2005-09-02 / Sports

Posey Continues Boxing Title Dreams

By Elio Velez


It’s been a long journey for boxer Rohnique Posey. The hands, which is a key to any fighter, has betrayed the 27 year old Rockaway resident for years. Numerous bones have been broken in both hands. His dreams of actively pursuing a title belt or winning it have not been fulfilled yet.

The desire though to achieve and to possibly gain a chance for a welterweight championship fight in the near future kept him fighting.

Posey says he did not pay attention for a longtime to the doctors, who asked him to take potassium to help his hands.

“I stopped taking potassium pills to help build up the cartilage in my hand,” Posey said.

With his hands healed, “The Pulverizer” got back into the ring for the first time in almost one year on July 26. Traveling to Atlantic City, Oscar Martinez stood in the way of Posey gaining his eighth win. It was no contest.

In the boxing ring, which was setup on the beaches of Atlantic City, Posey was in command early with Martinez. The first two rounds were very easy for the Rockaway native, using jabs and hooks to keep his opponent off-balance.

In the third round, Posey ducked a Martinez right hand and found the means to knock him out.

“I threw a left hand and then switched to my right hand. He moved and I threw a left hand and then put all my power in the right hook,” Posey said.

That right hook connected squarely on Martinez’ chin and the fighter hit the canvas hard. The punch had knocked him out before he landed. It was all but a formality for the referee to count to 10 and raised Posey’s left hand for his ninth victory in 10 fights and the 8th knockout of his career.

What the referee didn’t know was that Posey had once again fractured his left hand. In another unfortunate set of circumstances, a punch delivered in the second had broken his hand.

The x-rays later revealed another break and put him out of action for six weeks.

With the fracture healing naturally, Posey is not feeling gunshy or hinting retirement. If surgery is needed, the recovery time may take longer and the doctors he’s spoken to have told him it might weaken the punching power in the hands.

With the broken bones healed, promoter Sal Musumeci has tentatively scheduled Posey to fight in mid-September and hopes to box two or three more times before the end of the year.

There is a sense of urgency for the 27 year old as he realizes that now is the time to push his career forward.

“I’m at a stage right now when I’m almost 28 (years old) and I got to get going,” Posey says.

“I learned a valuable lesson because I’m lactose intolerant.

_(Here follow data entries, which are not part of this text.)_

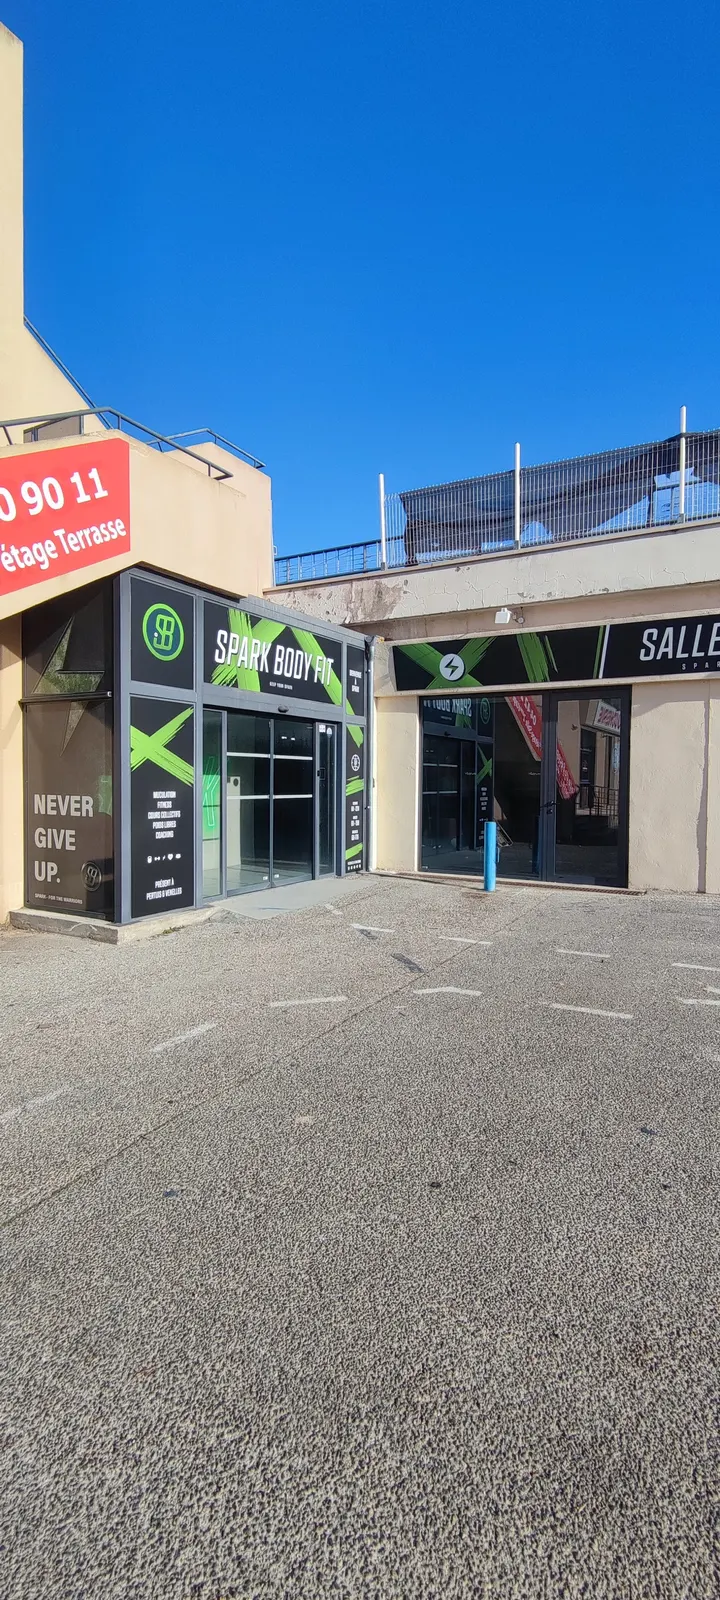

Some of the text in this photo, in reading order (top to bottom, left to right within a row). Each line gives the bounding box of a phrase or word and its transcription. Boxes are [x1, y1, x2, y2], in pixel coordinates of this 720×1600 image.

[20, 476, 65, 516] 90
[70, 468, 109, 504] 11
[53, 518, 127, 555] Terrasse
[214, 629, 334, 686] SPARK BODY FIT
[639, 622, 720, 661] SALLE
[33, 794, 94, 817] NEVER
[34, 827, 76, 851] GIVE
[34, 860, 61, 883] UP.
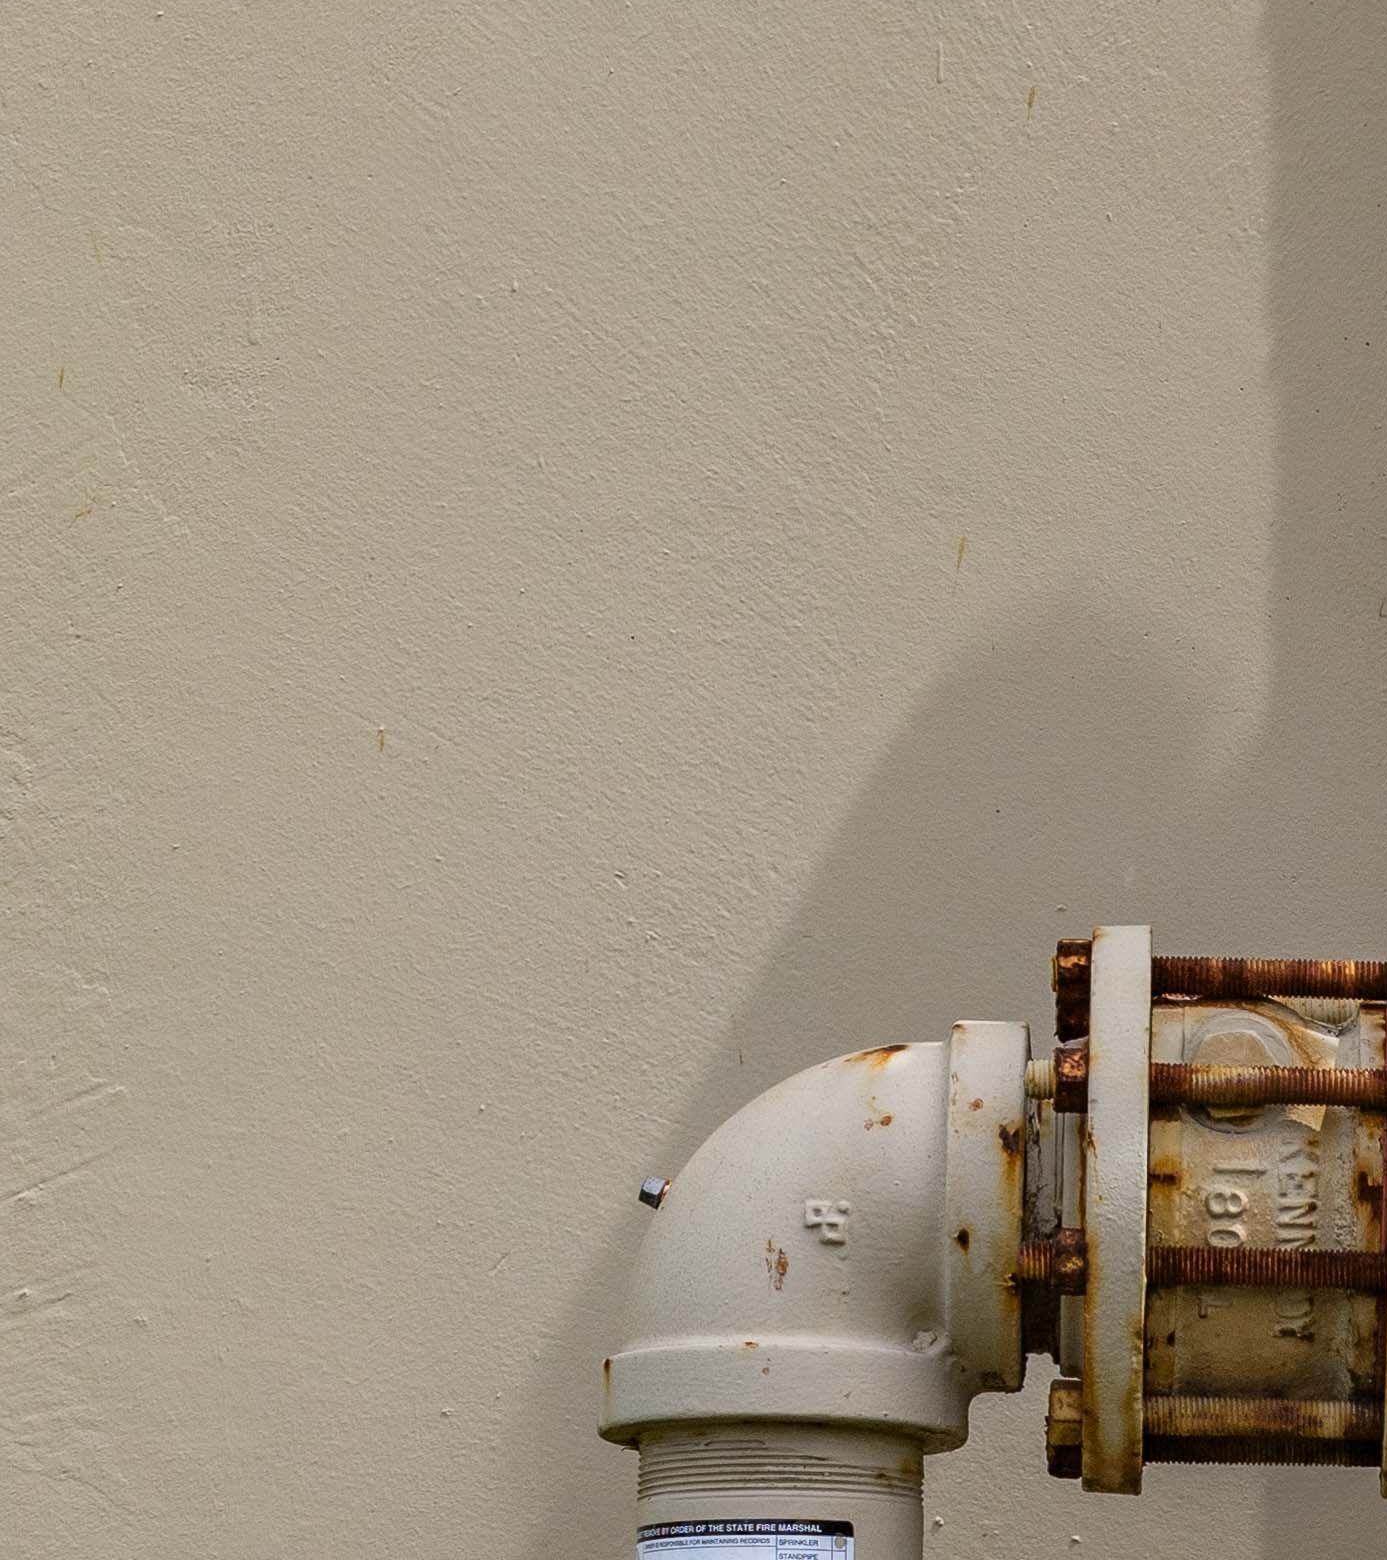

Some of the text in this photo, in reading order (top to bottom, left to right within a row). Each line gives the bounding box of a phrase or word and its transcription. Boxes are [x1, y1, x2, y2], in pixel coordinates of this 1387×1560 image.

My bones are weak and I need that calcium. The welterweight division is full of speed and power and I need that to win.”

Posey dedicates every fight to the late Al Gavin, the legendary cutman who passed away due to complications from a stroke in July of 2004. Lennox Lewis, Kevin Kelly and James “Buddy” McGirt were a few of the many champions and contenders that Gavin worked for.

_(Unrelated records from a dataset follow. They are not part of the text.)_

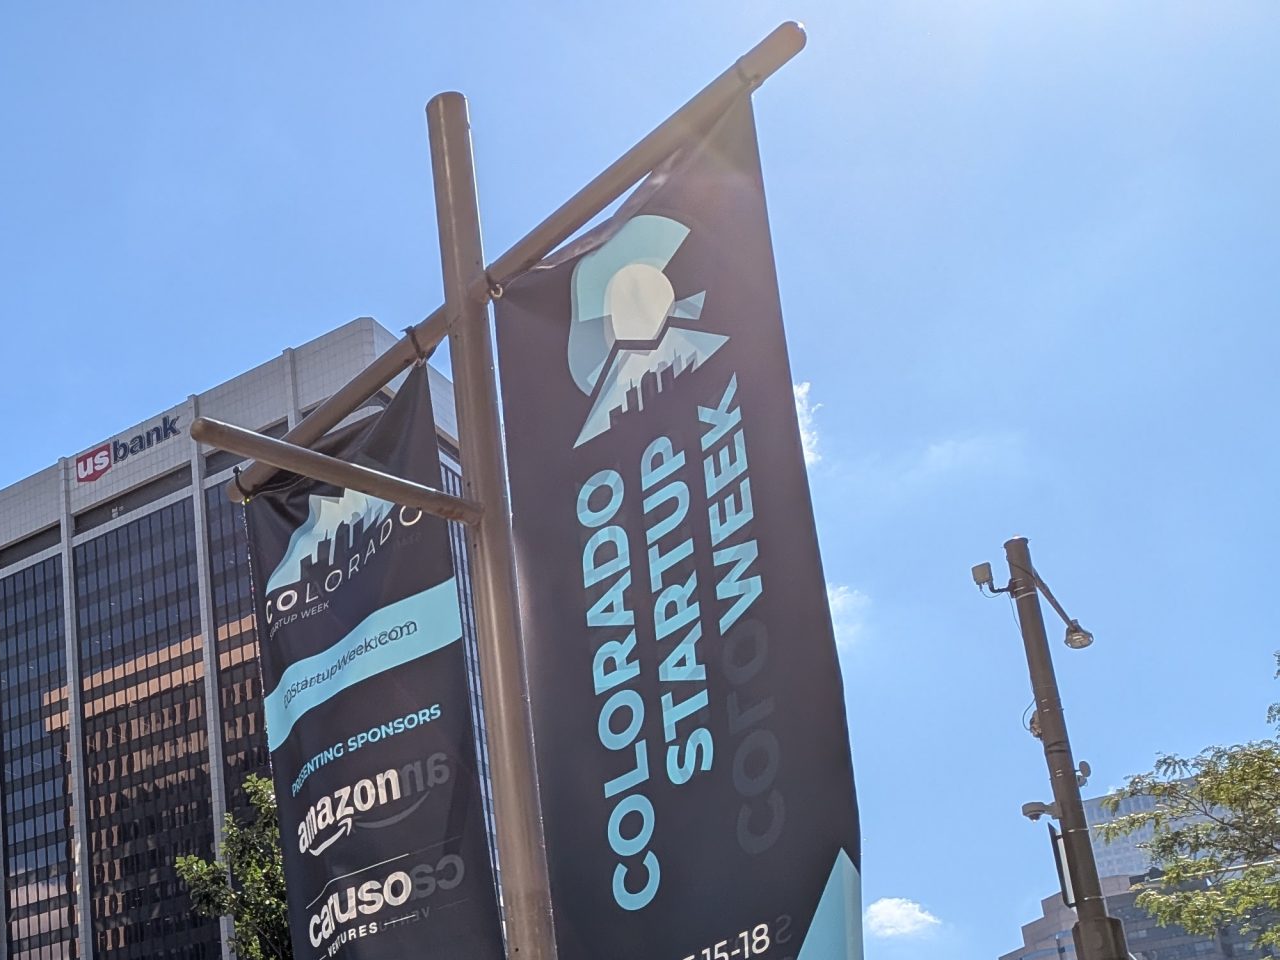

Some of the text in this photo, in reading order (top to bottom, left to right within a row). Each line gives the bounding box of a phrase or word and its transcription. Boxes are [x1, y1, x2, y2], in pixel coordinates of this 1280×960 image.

[78, 415, 180, 479] us bank
[697, 372, 764, 636] WEEK
[301, 599, 330, 619] WEEK
[640, 435, 714, 785] STARTUP
[576, 468, 661, 911] COLORADO
[291, 742, 344, 797] PRESENTING
[347, 703, 441, 752] SPONSORS
[298, 769, 401, 853] amazon
[310, 871, 412, 947] caruso
[327, 922, 378, 957] VENTURES

Gavin’s teachings remain an influential force for Posey and helped give valuable advice about the sport of boxing.

“It hurt me when he died. He was close to me. I know that it (fight) was one of my best knockouts and I know he would have been proud of me.”

The confidence hasn’t left him and he remains cocky and assured of his abilities. The fights he must take must be against contenders who will raise his boxing profile. Posey knows he must strike while the iron is hot.

“I don’t want fights to pad my record. I got the experience to fight and I’ve trained against the best boxers like (current welterweight champion Zab Judah). They got titles and I know I can have that too,” Posey says.